Review parametric search options early to narrow choices by key hardware criteria. Define must-have peripherals, I/O needs and physical requirements.
Support and Learning Resources
Navigating technical questions and continuing education differs by architecture:

PIC/AVR - Long history has built comprehensive community and answers. Core concepts transfer between similar 8-bit MCUs.
Cortex-M - Processor expertise most applicable within Arm ecosystem. Some concepts map from Cortex-A application processors.
Vendor forums & application notes - Engineers accessible and insights into real designs.
SemiWiki, Reddit, StackExchange, Quora - Large sites have tech activists supporting various MCUs.
Books - In depth guidance for both hardware and software best practices.

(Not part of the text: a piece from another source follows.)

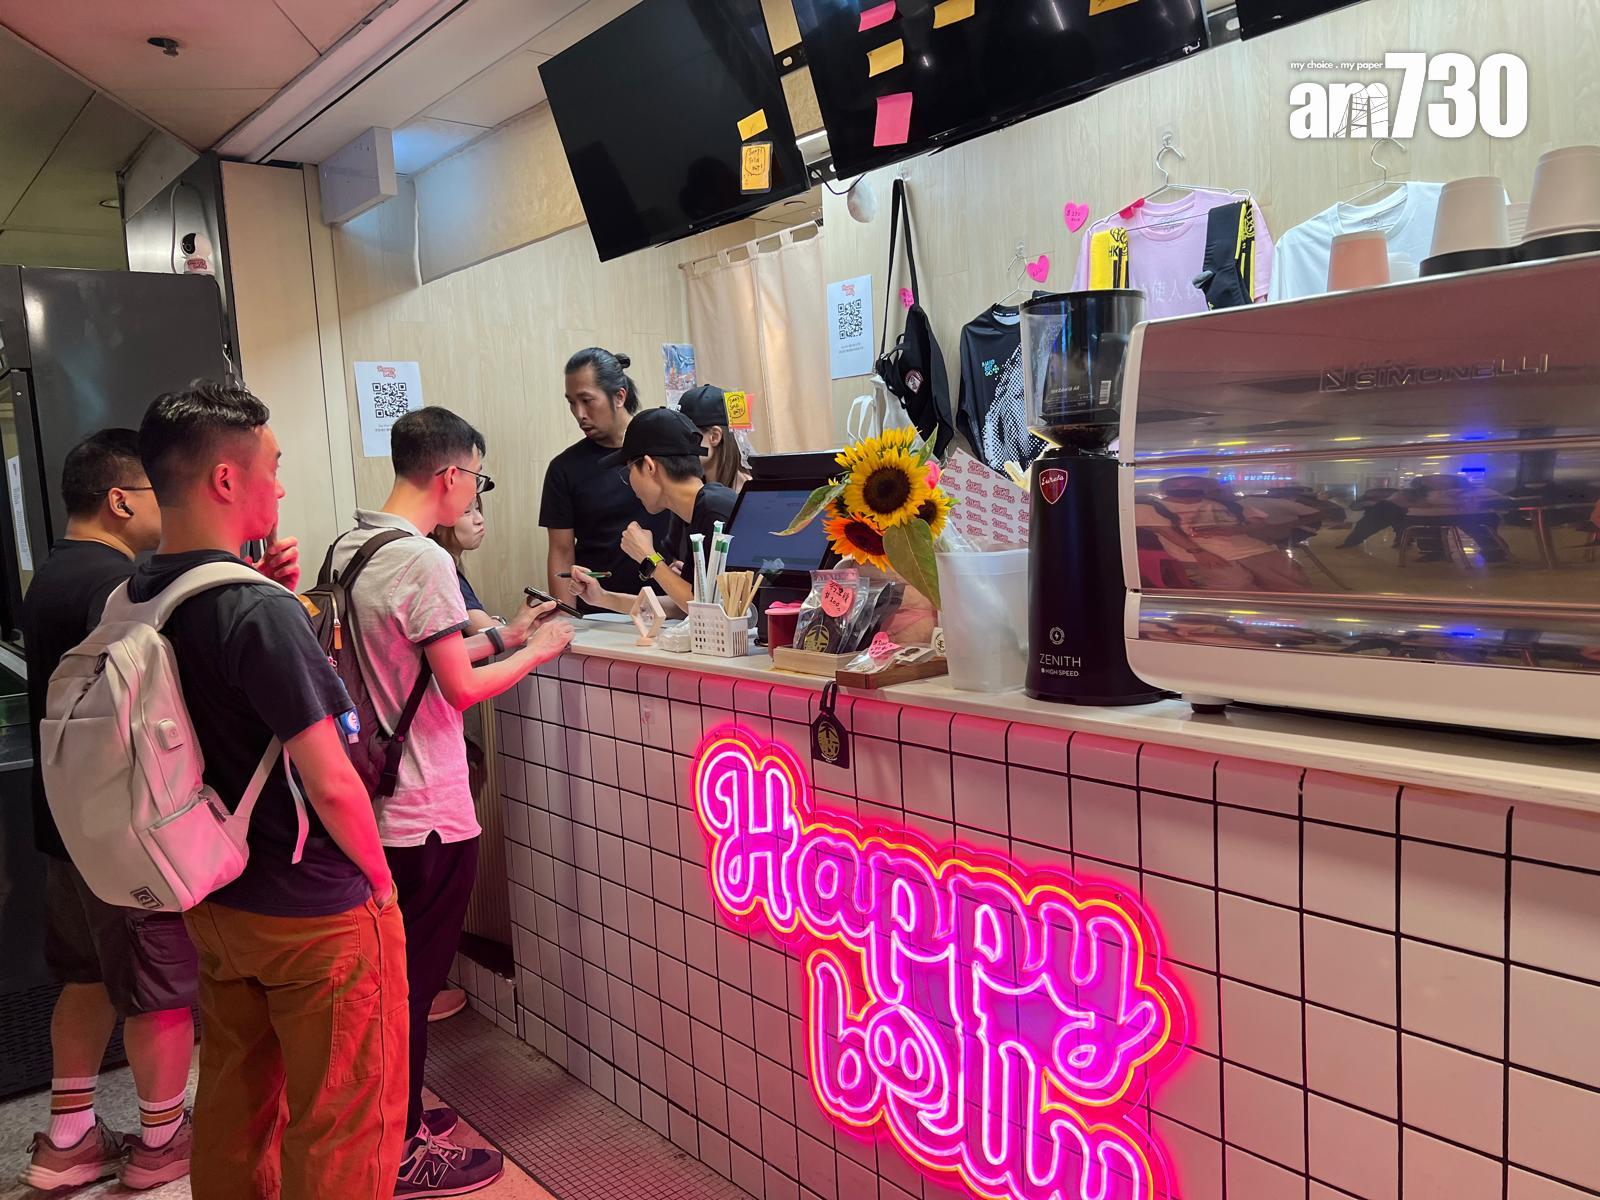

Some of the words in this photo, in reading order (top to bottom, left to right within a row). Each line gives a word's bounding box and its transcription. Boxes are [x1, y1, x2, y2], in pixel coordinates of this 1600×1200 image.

The Arm architecture can have a steeper initial learning curve. Leverage 8/16-bit experience when transitioning to 32-bit systems.
Future Outlook and Trends
The platforms powering future embedded systems face multiple technology disruptions on the horizon:

IoT connectivity pushes more MCUs to include wireless alongside sensors and analytics
AI drives demand for efficient parallel processing suitable for edge networks
Industry consolidation continues evident by Microchip/Atmel, Infineon/Cypress and NXP/Freescale deals
Open source RISC-V architecture threatens expensive licensing models 
New special purpose accelerators handle tasks like computer vision or voice recognition

Additional considerations around security, functional safety and reliability move the state-of-the-art forward across all microcontroller families. No single architecture owns the future as innovation remains key to adaptability.